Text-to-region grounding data
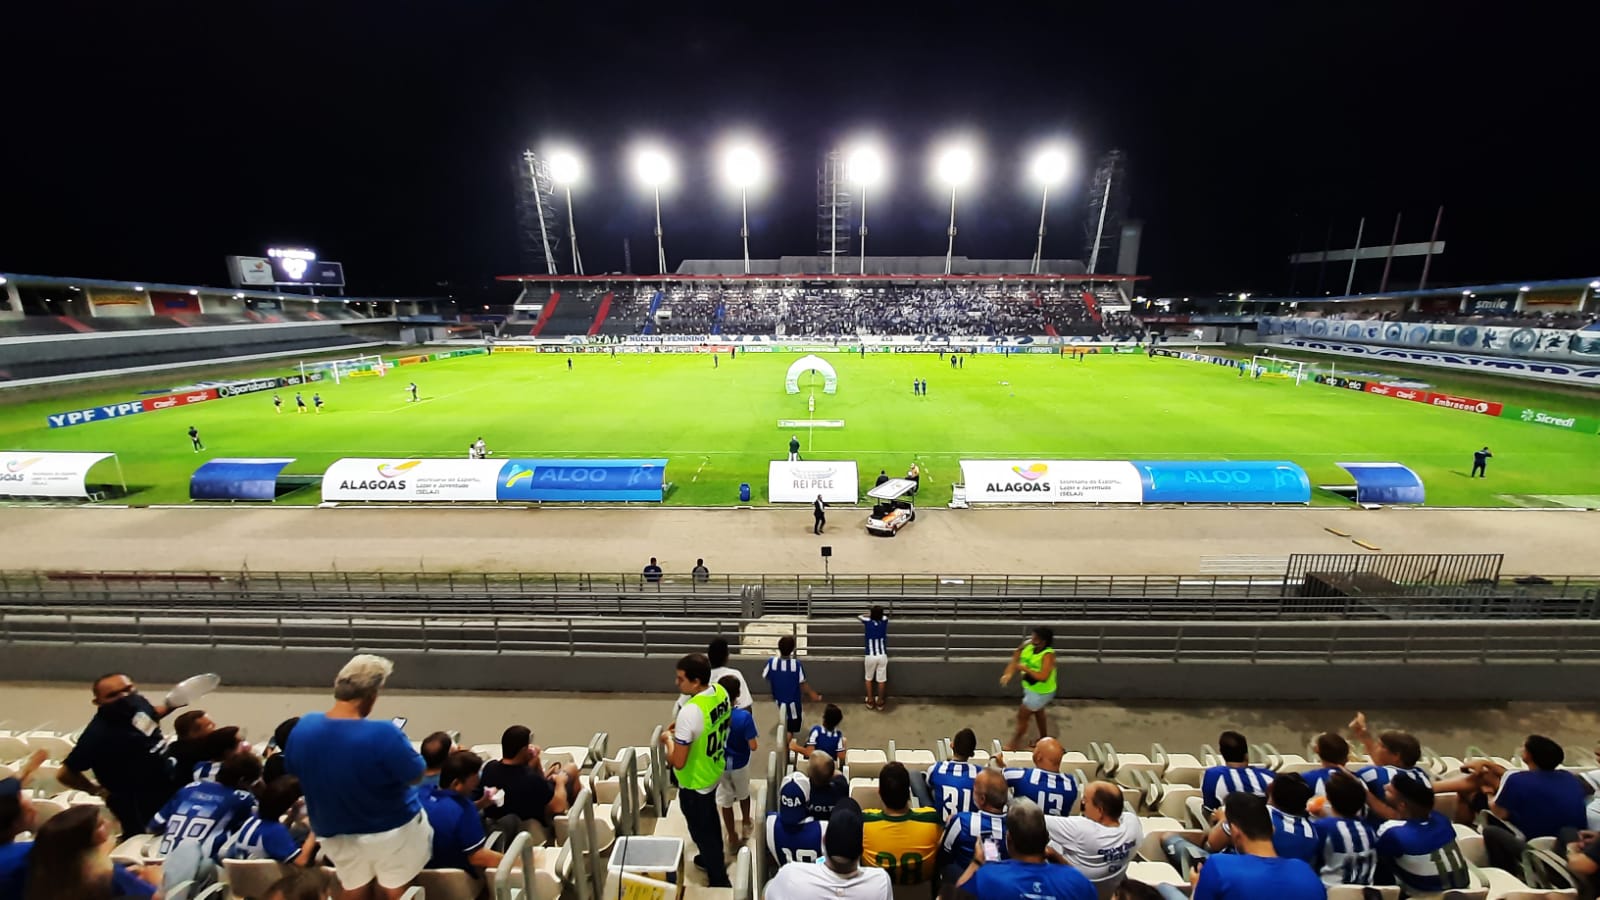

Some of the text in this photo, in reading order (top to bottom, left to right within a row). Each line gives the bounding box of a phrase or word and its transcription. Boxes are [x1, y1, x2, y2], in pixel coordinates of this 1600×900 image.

[1475, 298, 1508, 309] smile
[229, 379, 276, 395] Sportsbet.io
[103, 401, 144, 417] YPF
[1433, 397, 1475, 411] Embracon
[50, 409, 95, 427] YPF
[1535, 413, 1575, 428] Sicredi
[540, 468, 607, 482] ALOO
[1184, 470, 1250, 484] ALOO
[339, 480, 406, 490] ALAGOAS
[793, 480, 808, 489] REI
[986, 482, 1050, 492] ALAGOAS
[781, 795, 802, 807] CSA
[942, 784, 971, 822] 31

Your task
Return the data above in its exact wording, with none of the pictures.

Exercise answer
Some of the text in this photo, in reading order (top to bottom, left to right within a row). Each line gives the bounding box of a phrase or word and its transcription. Boxes are [x1, y1, x2, y2], in pixel coordinates of this 1600×900 image.

[1475, 298, 1508, 309] smile
[229, 379, 276, 395] Sportsbet.io
[103, 401, 144, 417] YPF
[1433, 397, 1475, 411] Embracon
[50, 409, 95, 427] YPF
[1535, 413, 1575, 428] Sicredi
[540, 468, 607, 482] ALOO
[1184, 470, 1250, 484] ALOO
[339, 480, 406, 490] ALAGOAS
[793, 480, 808, 489] REI
[986, 482, 1050, 492] ALAGOAS
[781, 795, 802, 807] CSA
[942, 784, 971, 822] 31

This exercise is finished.